We're Having Sloppy Joes Again?: When Habits Become Boring
This final post on making connection a habit is going to be about the unspoken truth of habitual connection. It can get boring. The same people doing the same thing, over and over? After a few months, things can get stale. You’ll have the same political debates, the same discussions over child rearing and work issues, the same roll-your-eyes dad jokes, and probably the same exact meal a few times too.
And that’s how it should be.
Connection is not going to be new and exciting, the next big thing. I cannot emphasize enough that to become connection builders, we must realize that there is nothing glamorous about being there for other people.
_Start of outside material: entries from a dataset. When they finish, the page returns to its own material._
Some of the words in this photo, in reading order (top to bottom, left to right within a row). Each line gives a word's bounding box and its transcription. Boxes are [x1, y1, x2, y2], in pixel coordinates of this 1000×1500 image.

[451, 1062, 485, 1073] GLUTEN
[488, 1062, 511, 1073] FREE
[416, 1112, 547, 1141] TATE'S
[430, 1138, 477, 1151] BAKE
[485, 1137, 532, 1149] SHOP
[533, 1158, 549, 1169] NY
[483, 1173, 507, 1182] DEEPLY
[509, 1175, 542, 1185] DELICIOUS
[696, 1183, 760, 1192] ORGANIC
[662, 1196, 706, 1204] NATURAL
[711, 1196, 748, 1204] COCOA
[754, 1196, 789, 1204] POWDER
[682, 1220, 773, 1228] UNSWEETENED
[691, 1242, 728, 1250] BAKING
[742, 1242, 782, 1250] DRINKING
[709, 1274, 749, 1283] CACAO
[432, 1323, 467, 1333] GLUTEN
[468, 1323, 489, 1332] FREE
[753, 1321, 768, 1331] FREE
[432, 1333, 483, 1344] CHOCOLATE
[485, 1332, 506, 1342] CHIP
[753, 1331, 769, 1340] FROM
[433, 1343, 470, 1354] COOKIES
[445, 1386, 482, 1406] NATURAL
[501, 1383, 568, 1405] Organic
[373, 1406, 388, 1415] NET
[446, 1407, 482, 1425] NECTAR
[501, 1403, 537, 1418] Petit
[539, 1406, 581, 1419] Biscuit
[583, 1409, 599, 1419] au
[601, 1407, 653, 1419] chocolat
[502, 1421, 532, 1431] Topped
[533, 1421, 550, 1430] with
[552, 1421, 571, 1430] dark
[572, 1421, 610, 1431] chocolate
Building something real and true is rarely about how it appears on the outside.
Community exists as maintenance work. We’re not trying to solve a medical mystery or put someone on Mars. We are working in the boiler room of society. Without connection builders, people fall through the cracks and get forgotten. Children’s small achievements go unnoticed. The people who work to take care of our trash, serve us food, and clean up after us remain unseen. Without our steady hand pushing back against that indifference, people live in pain, ourselves included.
The object of our efforts isn’t very exciting and few people will even notice what we’re doing. In fact, if you’re doing this connection thing well, it’s possible you might never get any praise at all. Because our outcomes are rarely spectacular, the important element of building community is the process we go through to get there.
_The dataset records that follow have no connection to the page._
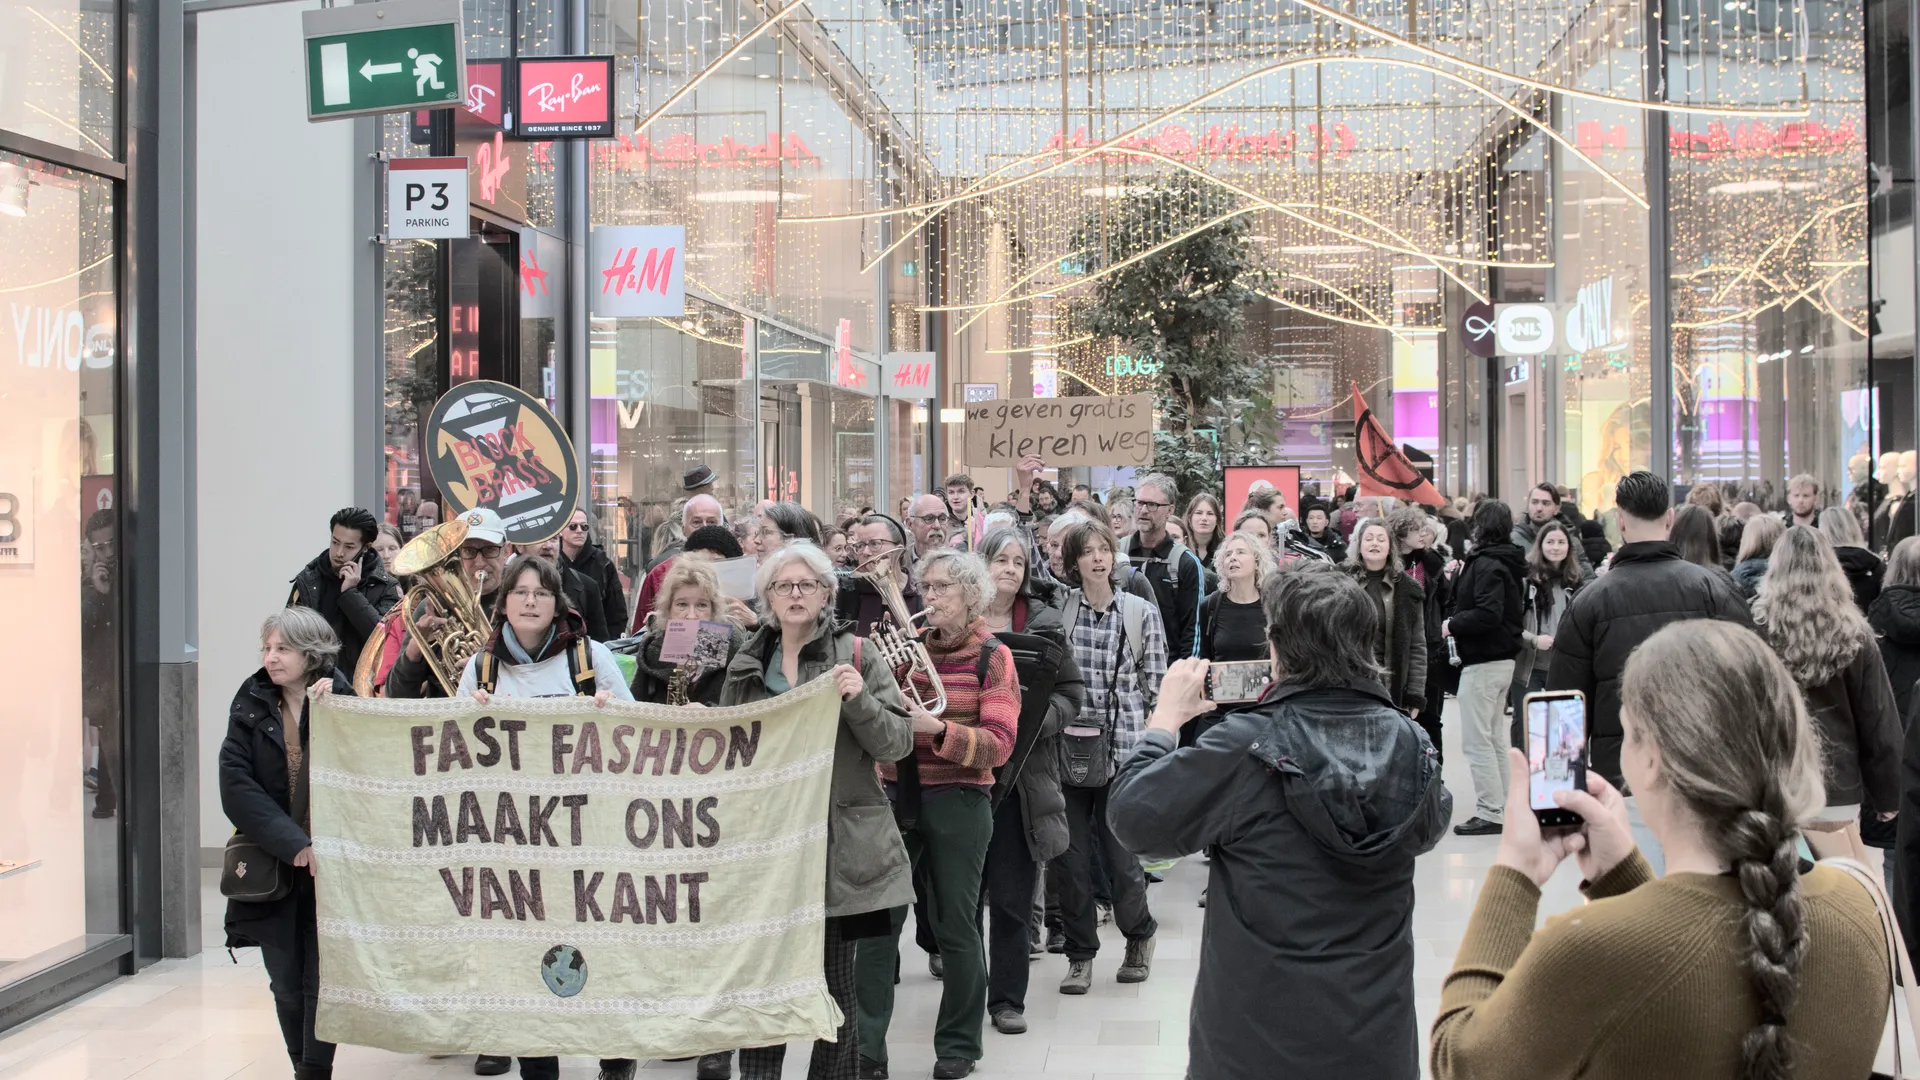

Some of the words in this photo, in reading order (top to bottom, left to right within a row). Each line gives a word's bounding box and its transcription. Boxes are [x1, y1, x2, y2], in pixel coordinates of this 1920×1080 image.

[406, 218, 449, 227] PARKING
[602, 247, 676, 296] H&M
[1577, 275, 1613, 353] ONLY
[894, 362, 931, 388] H&M
[968, 408, 988, 420] we
[995, 401, 1062, 429] geven
[1067, 398, 1135, 428] gratis
[454, 421, 536, 471] BLOCK
[990, 429, 1087, 459] kleren
[1098, 430, 1150, 461] weg
[470, 455, 551, 503] BRASS
[410, 716, 527, 776] FAST
[552, 720, 762, 776] FASHION
[412, 791, 588, 847] MAAKT
[625, 796, 721, 849] ONS
[438, 866, 546, 921] VAN
[573, 869, 710, 924] KANT
If I spend my time in my garden trying to make my vegetable plants look gorgeous and perfect in every way, they’re not going to produce. The way I garden matters – am I thorough? Am I gentle? Do I think about and consider where and when to plant things? Have I put in the effort to nurture my soil in the winter and early spring? If I don’t get the process right, the outcome is inherently flawed and I get nothing for all my hard work. I have made this mistake in both gardening and relationships and I regret it deeply. (More for people than plants; there’s always next spring.) I’ve learned the hard way that how you do things matters far more than what you do.
So build a habit of connection, but as you do it, make sure that you’re doing not simply to become connected (we all know those people). Make sure your connections are done in a way that nurtures and honors both you and others.